L’Autoridad del Canal de Panamá (ACP) è l’agenzia del governo panamense responsabile della gestione del Canale di Panama per il quale è in corso un progetto di espansione che doveva raddoppiare la capacità del Canale di Panama, consentendo il transito di navvi di dimensioni molto maggiori, entro il 2014.
Il Presidente di Panamá Martín Torrijos ha presentato il piano il 24 aprile 2006, prevedendo che il progetto ridurrà la povertà di Panamá di circa il 30%. e i cittadini panamensi hanno dato la loro approvazione tramite un Referendum nazionale con il 76.8% di voti a favore.

A beneficiare dell’espansione sarebbero stati tutti gli stati rivieraschi dell’Atlantico, tra cui le città portuali dell’East Coast USA e dell’Europa, che da tempo hanno avviato le ristrutturazioni necessarie ad acccogliere navi da 12.000 container.

Purtroppo, da diversi mesi, i lavori per l’ampliamento del canale di Panama sono a rischio, a causa di un contenzioso tra il consorzio Gupc – Grupo Unidos para el Canal, di cui fanno  parte la spagnola Sacyr e l’italiana Salini Impregilo, e l’ACP, derivante da un aumento dei costi di 1,63 miliardi di dollari, sui 3,1 miliardi complessivi del contratto.

Una controversia che ha già fatto crollare le quotazioni della Sacyr (-8,95%), mentre Salini Impregilo ha contenuto le perdite. Il contratto prevede di risolvere la disputa o con un accordo tra le parti, o tramite un ricorso in appello o l’arbitrato internazionale.

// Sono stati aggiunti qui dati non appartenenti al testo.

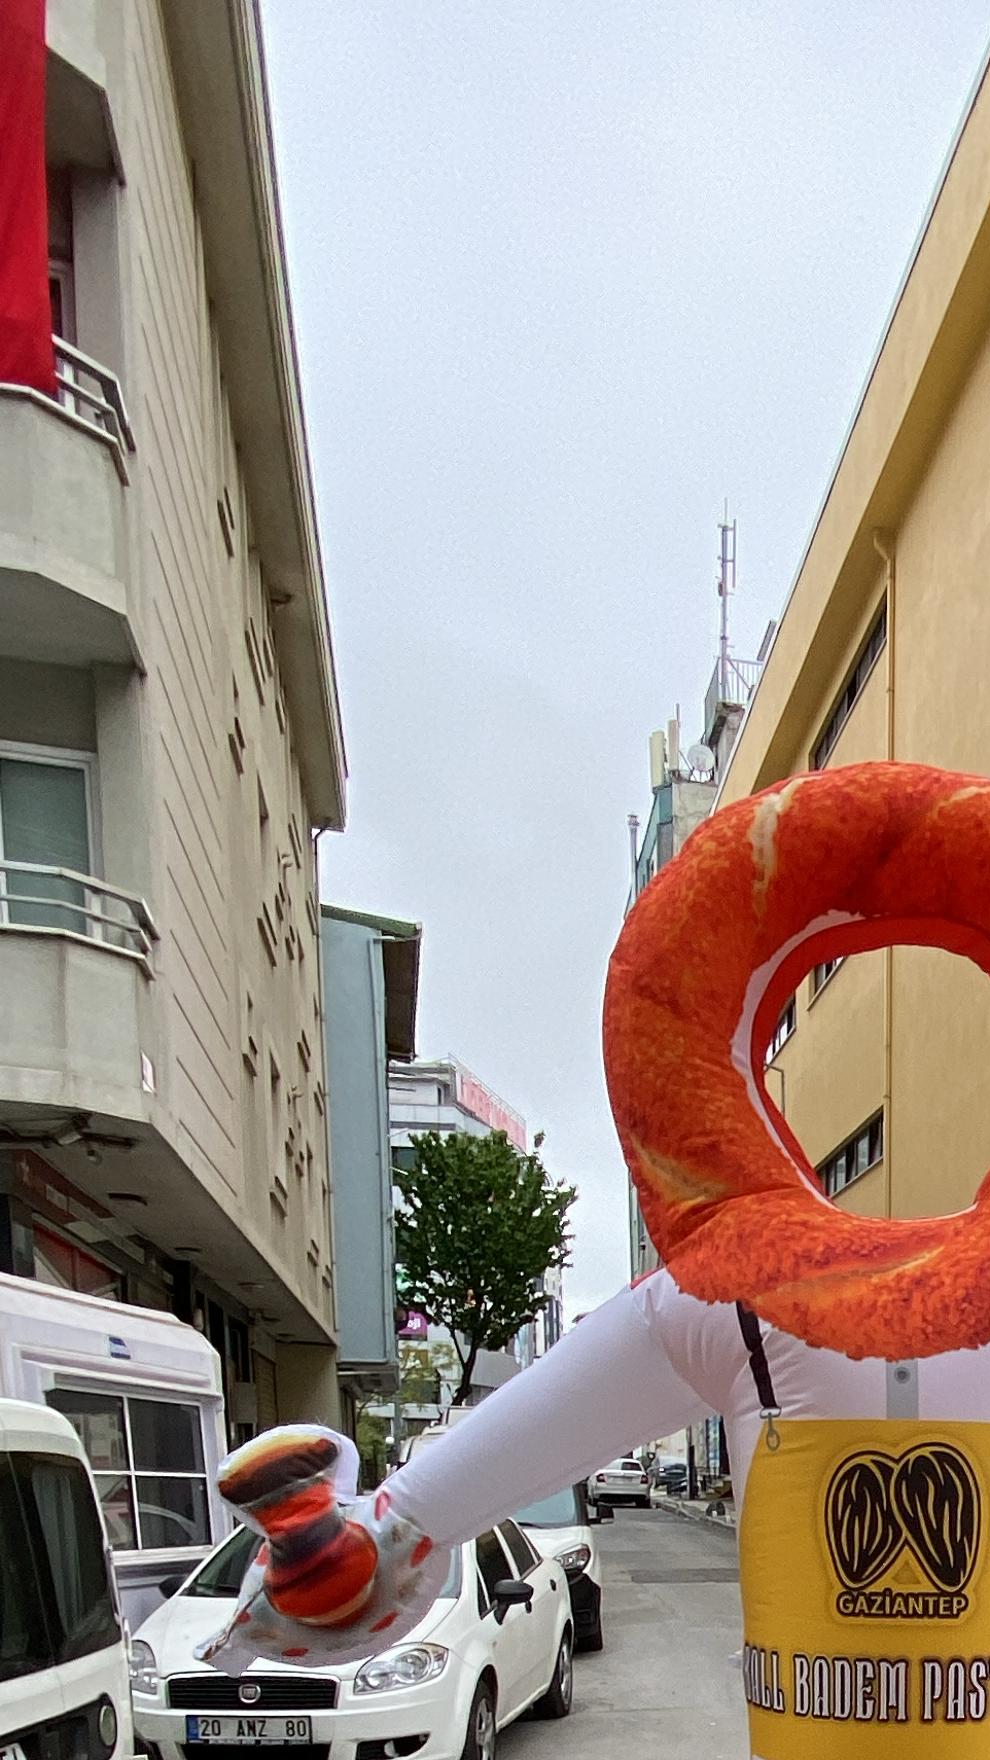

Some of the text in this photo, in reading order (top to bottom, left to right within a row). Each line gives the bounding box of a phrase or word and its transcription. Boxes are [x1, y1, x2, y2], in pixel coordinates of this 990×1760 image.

[838, 1588, 967, 1616] GAZİANTEP
[793, 1653, 908, 1720] BADEM
[200, 1719, 307, 1737] 20 ANZ 80

Ai primi di gennaio, la Sacyr ha annunciato che sospenderà i lavori “se l’autorità non paga, entro tre settimane, 1,6 miliardi di dollari per coprire i ‘costi aggiuntivi'”. Una richiesta che ha motivato l’intervento del presidente panamense Martinelli nel chiedere a Roma e Madrid di “assumersi la responsabilità morale di ciò che è accaduto” e a mediare con le aziende che fanno parte del consorzio

«A nulla – sottolineano le imprese – sono serviti gli innumerevoli richiami al buon senso giunti all’amministratore delegato di ACP, Jorge Luis Quijano, da parte dell’Unione Europea, con l’intervento del commissario Antonio Tajani a sostegno delle imprese coinvolte, e dei governi spagnoli e italiano».
L’amministratore dell’autorità panamense, Jorge L. Quijano, dal canto suo, ha una posizione chiara: “Se si scopre che gli importi richiesti sono accettabili, allora pagheremo, ma se la controversia si risolverà a nostro favore, speriamo che l’altra parte stia al gioco”.

Adesso arriva il comunicato del Gupc che annuncia lo stop delle trattative. «Il mancato accordo vedrebbe allontanarsi di qualche anno la messa in opera del nuovo Canale», cosa che rappresenterebbe un vero e proprio disastro per la ripresa europea.

Il contratto prevede di risolvere la disputa o con un accordo tra le parti – non avvenuto – oppure tramite un ricorso in appello o l’arbitrato internazionale.
Dunque,  la parola passa a Mariano Rajoy ed Enrico Letta, i quali – giusto una settimana fa – avevano commentato “es de interés primordial para España e Italia y este interés se logrará solucionar a largo plazo” (Letta) e “la esperanza de que habrá una solución rápida” e “la conclusión de los trabajos en la fecha conjunta” (Rajoy).

Intanto, guarda caso, da due settimane tremila operai della Sacyr in Panama sono in agitazione chiedendo miglioramenti salariali e il riconoscimento delle giornate festive. E, a proposito di quell’impatto economico negativo” segnalato da Impregilo nel 2012, ricordiamo che  il presidente panamense Martinelli è proprio quel Ricardo Martinelli, che dalle indagini sul caso Ponzellini-Lavitola avrebbe fatto pressioni già nel 2011 sul governo italiano per ottenere la costruzione di un complesso ospedaliero.

Riportava Il Fatto Quotidiano del 22 agosto 2012, che “interrogato dai pm napoletani Francesco Curcio, Henry John Woodcock e Vincenzo Piscitelli, Ponzellini ha confermato il contenuto dell’intercettazione, confermando che Berlusconi, nell’aprile 2011, solleva un problema: dice a Ponzellini d’essere stato chiamato da Valter Lavitola, per conto del presidente panamense Ricardo Martinelli, che spinge affinché Impregilo mantenga l’impegno di costruire un ospedale nello stato sudamericano. Se Impregilo non mantiene l’impegno, continua Berlusconi, Martinelli è pronto a rilasciare una dichiarazione pubblica con l’intento di far deprezzare il titolo in borsa.”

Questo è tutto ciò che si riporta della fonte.